### Problem details:
Where an entry contains an image, skip the image and print the rest exactly.

### Records provided:
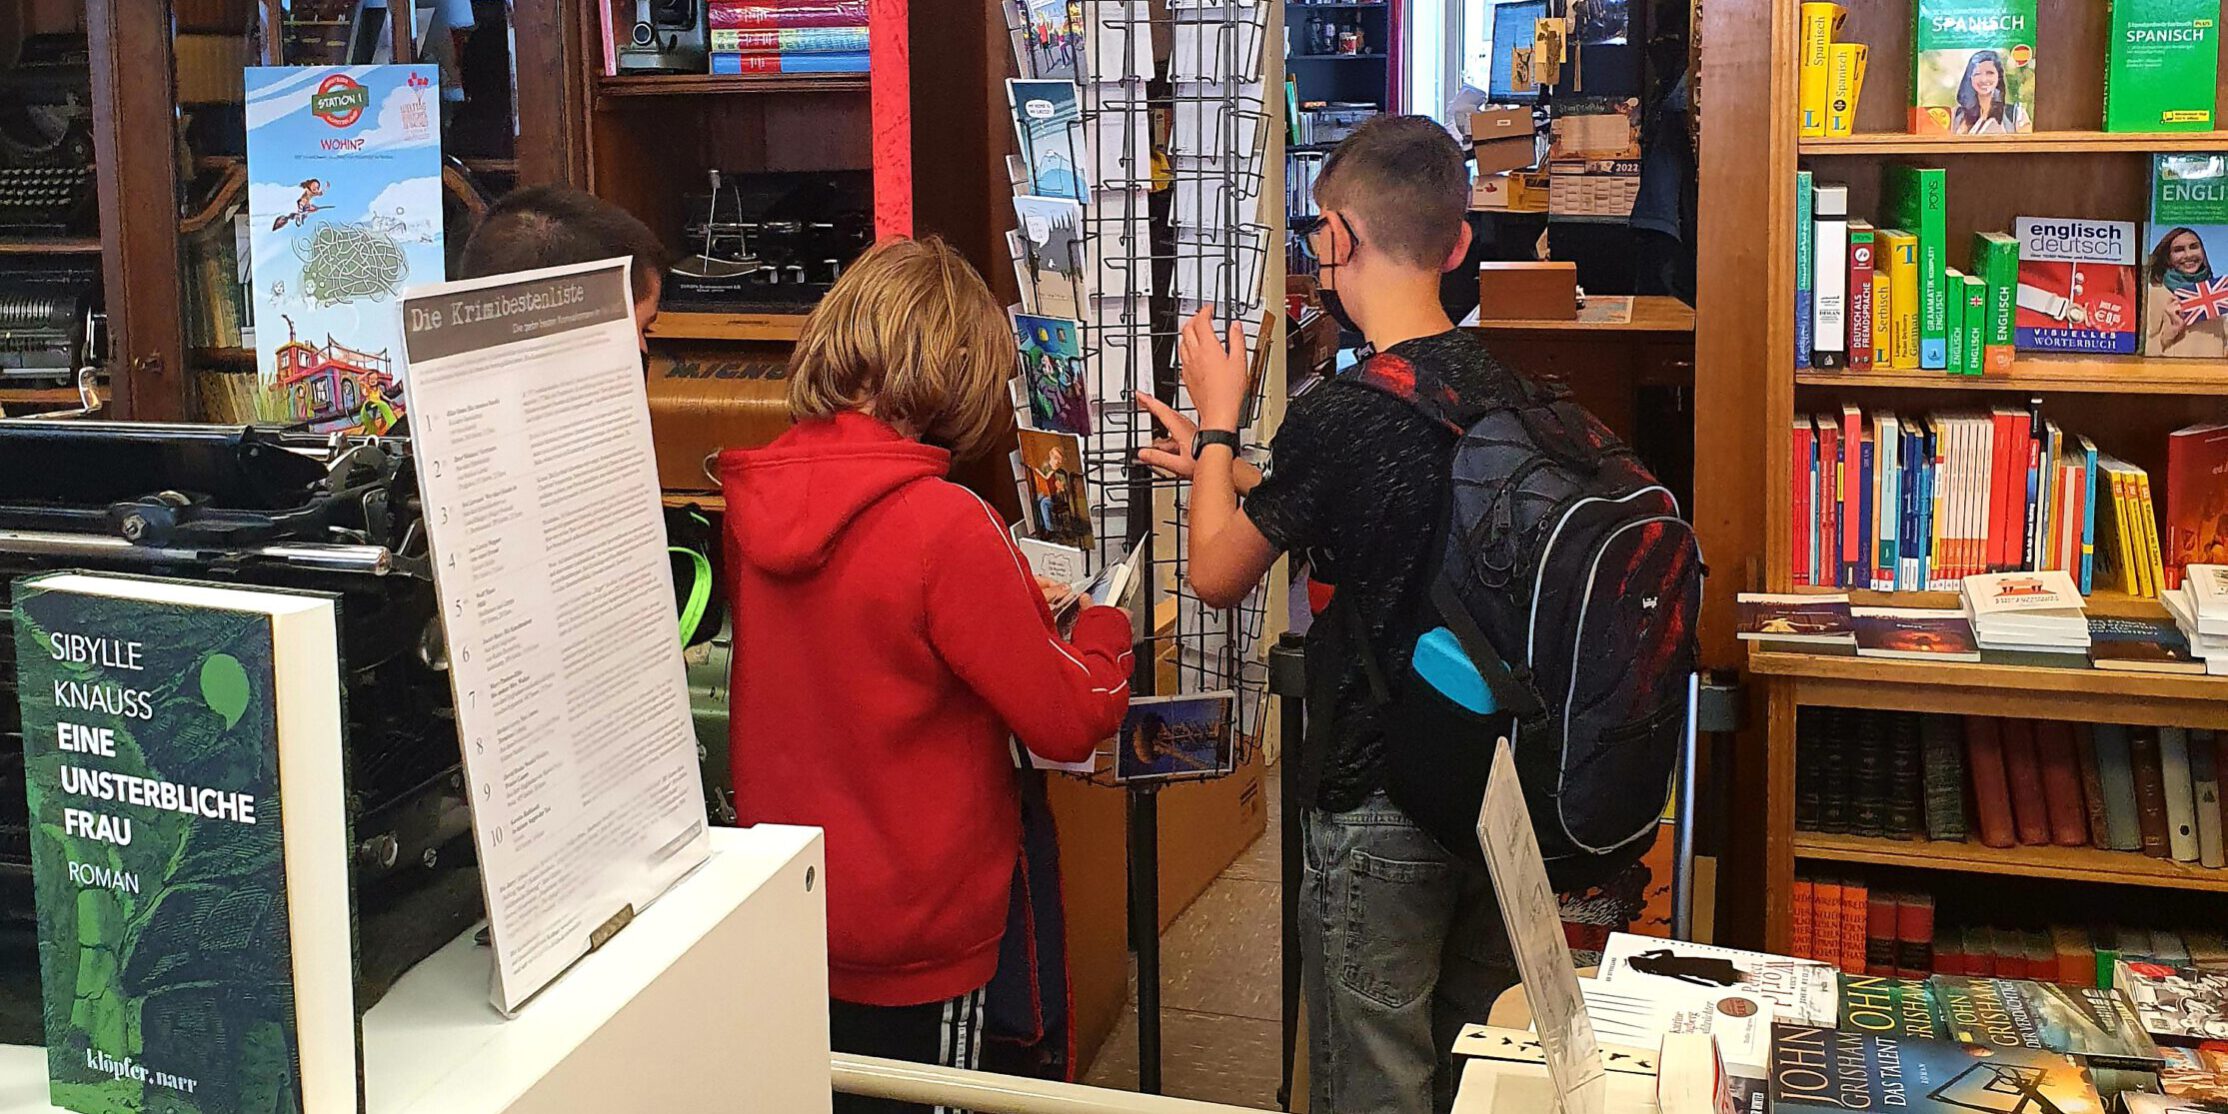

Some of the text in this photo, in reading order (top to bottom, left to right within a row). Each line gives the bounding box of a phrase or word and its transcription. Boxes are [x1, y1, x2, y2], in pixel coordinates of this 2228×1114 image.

[1932, 15, 2025, 32] SPANISCH
[2126, 29, 2204, 42] SPANISCH
[1813, 16, 1826, 67] Spanisch
[1835, 51, 1848, 97] Spanisch
[318, 94, 356, 109] STATION
[320, 138, 365, 151] WOHIN?
[1616, 163, 1639, 172] 2022
[1928, 180, 1940, 210] PONS
[2030, 223, 2121, 240] englisch
[2030, 235, 2122, 255] deutsch
[411, 284, 584, 332] Die Krimibestenliste
[1853, 294, 1862, 348] DEUTSCH ALS
[1862, 282, 1871, 348] FREMDSPRACHE
[1877, 286, 1889, 333] Serbisch
[1927, 279, 1935, 332] GRAMMATIK
[1936, 291, 1944, 331] ENGLISCH
[1997, 286, 2010, 341] ENGLISCH
[1910, 313, 1918, 357] German
[1953, 327, 1961, 366] ENGLISCH
[1970, 327, 1980, 369] ENGLISCH
[2034, 328, 2117, 339] VISUELLES
[2034, 335, 2117, 349] WÖRTERBUCH
[665, 362, 787, 380] MIGNO
[426, 415, 432, 432] 1
[433, 460, 441, 478] 2
[441, 506, 448, 524] 3
[448, 553, 456, 569] 4
[455, 599, 463, 617] 5
[50, 632, 144, 671] SIBYLLE
[462, 645, 470, 663] 6
[54, 680, 153, 720] KNAUSS
[469, 690, 476, 709] 7
[57, 722, 116, 758] EINE
[476, 738, 484, 755] 8
[60, 765, 257, 824] UNSTERBLICHE
[483, 783, 491, 801] 9
[63, 808, 132, 846] FRAU
[491, 826, 503, 848] 10
[68, 861, 139, 895] ROMAN
[1741, 962, 1763, 993] Perfect
[1845, 973, 1896, 1031] OHN
[1947, 994, 1987, 1027] JOHN
[1967, 978, 2020, 1047] GRISHAM
[1998, 980, 2042, 1048] DER VERDÄCHTIGE
[1778, 1023, 1844, 1109] JOHN
[1836, 1032, 1872, 1109] GRISHAM
[1875, 1035, 1907, 1107] DAS TALENT

### Solution below:
Some of the text in this photo, in reading order (top to bottom, left to right within a row). Each line gives the bounding box of a phrase or word and its transcription. Boxes are [x1, y1, x2, y2], in pixel coordinates of this 2228×1114 image.

[1932, 15, 2025, 32] SPANISCH
[2126, 29, 2204, 42] SPANISCH
[1813, 16, 1826, 67] Spanisch
[1835, 51, 1848, 97] Spanisch
[318, 94, 356, 109] STATION
[320, 138, 365, 151] WOHIN?
[1616, 163, 1639, 172] 2022
[1928, 180, 1940, 210] PONS
[2030, 223, 2121, 240] englisch
[2030, 235, 2122, 255] deutsch
[411, 284, 584, 332] Die Krimibestenliste
[1853, 294, 1862, 348] DEUTSCH ALS
[1862, 282, 1871, 348] FREMDSPRACHE
[1877, 286, 1889, 333] Serbisch
[1927, 279, 1935, 332] GRAMMATIK
[1936, 291, 1944, 331] ENGLISCH
[1997, 286, 2010, 341] ENGLISCH
[1910, 313, 1918, 357] German
[1953, 327, 1961, 366] ENGLISCH
[1970, 327, 1980, 369] ENGLISCH
[2034, 328, 2117, 339] VISUELLES
[2034, 335, 2117, 349] WÖRTERBUCH
[665, 362, 787, 380] MIGNO
[426, 415, 432, 432] 1
[433, 460, 441, 478] 2
[441, 506, 448, 524] 3
[448, 553, 456, 569] 4
[455, 599, 463, 617] 5
[50, 632, 144, 671] SIBYLLE
[462, 645, 470, 663] 6
[54, 680, 153, 720] KNAUSS
[469, 690, 476, 709] 7
[57, 722, 116, 758] EINE
[476, 738, 484, 755] 8
[60, 765, 257, 824] UNSTERBLICHE
[483, 783, 491, 801] 9
[63, 808, 132, 846] FRAU
[491, 826, 503, 848] 10
[68, 861, 139, 895] ROMAN
[1741, 962, 1763, 993] Perfect
[1845, 973, 1896, 1031] OHN
[1947, 994, 1987, 1027] JOHN
[1967, 978, 2020, 1047] GRISHAM
[1998, 980, 2042, 1048] DER VERDÄCHTIGE
[1778, 1023, 1844, 1109] JOHN
[1836, 1032, 1872, 1109] GRISHAM
[1875, 1035, 1907, 1107] DAS TALENT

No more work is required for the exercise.